9:45 a.m. New York time

What’s happening now? The S&P 500 index is tracing the third step, an upward movement within a low level upward correction.

What does it mean? Two possibilities. 1) The correction will end with the third step and will resume its downward path. 2) The index will trace a downward boundary movement and then will begin another pattern in a compound correction that will be on the shallow side.

[S&P 500 index, 10-minute bars]

What does Elliott wave theory say? The uptrending correction, wave 4 of Minute degree, has completed two internal waves, A and B of Minuete degree, and has begun rising in wave C.

If the C wave completes the correction, then it we followed by wave 1 of Minuette degree within wave 5 of Minute degree, the fifth wave being the final downward push of the 3rd wave correction of Minor degree.

If the correction turns into a compound movement, stringing several corrective together, then the decline following wave C will be an X wave of Minuette degree, a boundary between two patterns.

The difficulty is that the X wave (= correction continuing) and the 1st wave (= correction over) will initially exactly the same. The X wave will have three internal waves, and the 1st wave will have five internal waves. The truth of which we’re seeing will unfold over time.

My trading strategy.
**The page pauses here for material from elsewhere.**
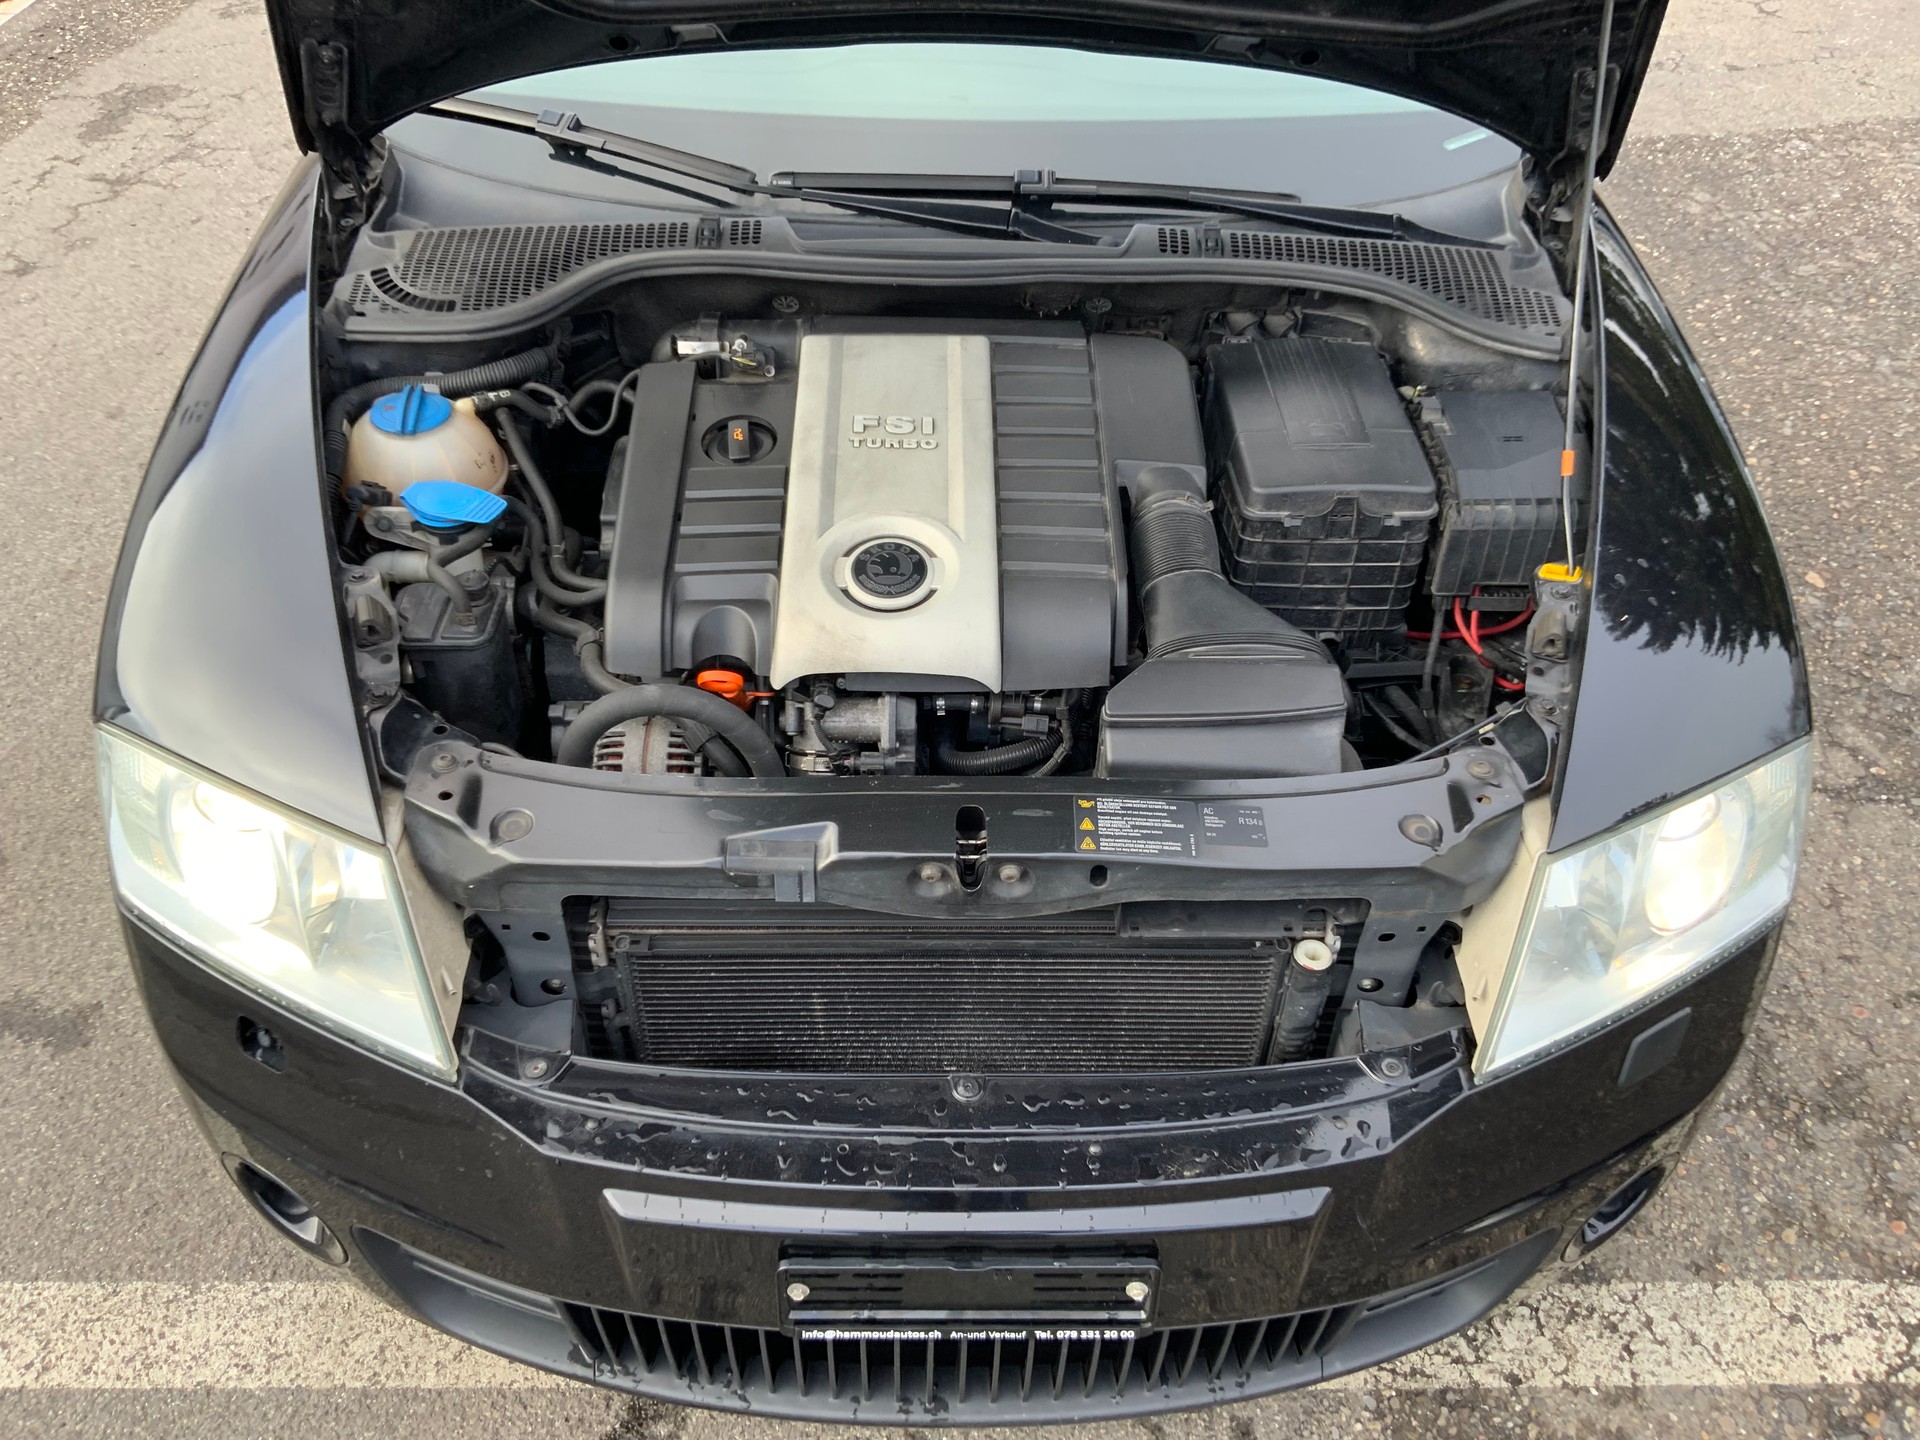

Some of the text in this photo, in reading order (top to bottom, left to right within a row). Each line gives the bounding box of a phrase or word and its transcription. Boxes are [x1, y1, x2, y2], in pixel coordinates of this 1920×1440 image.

I’m looking to enter a new bear call spread position on one of the funds the tracks the S&P 500 closely, using the options that expire December 18. My preferred entry date for that series is today, November 3. It’s not going to happen. I’ll need to see some indication that the Minute 5th wave decline has begun.

Learning and other resources. Elliott Wave International has long been the leading analytical house based on Elliott wave theory. They make available a number of free educational materials and other resources, in addition to their for-pay subscriptions.

I recommend two books, both by people associated with EWI.

First, Elliott Wave Principle by Robert Prechter and A.J. Frost is the book that, along with Prechter’s analyses, that created the revival of Elliott wave theory. I first read it in 1984, and it has had a profound influenced on my thinking about markets ever since.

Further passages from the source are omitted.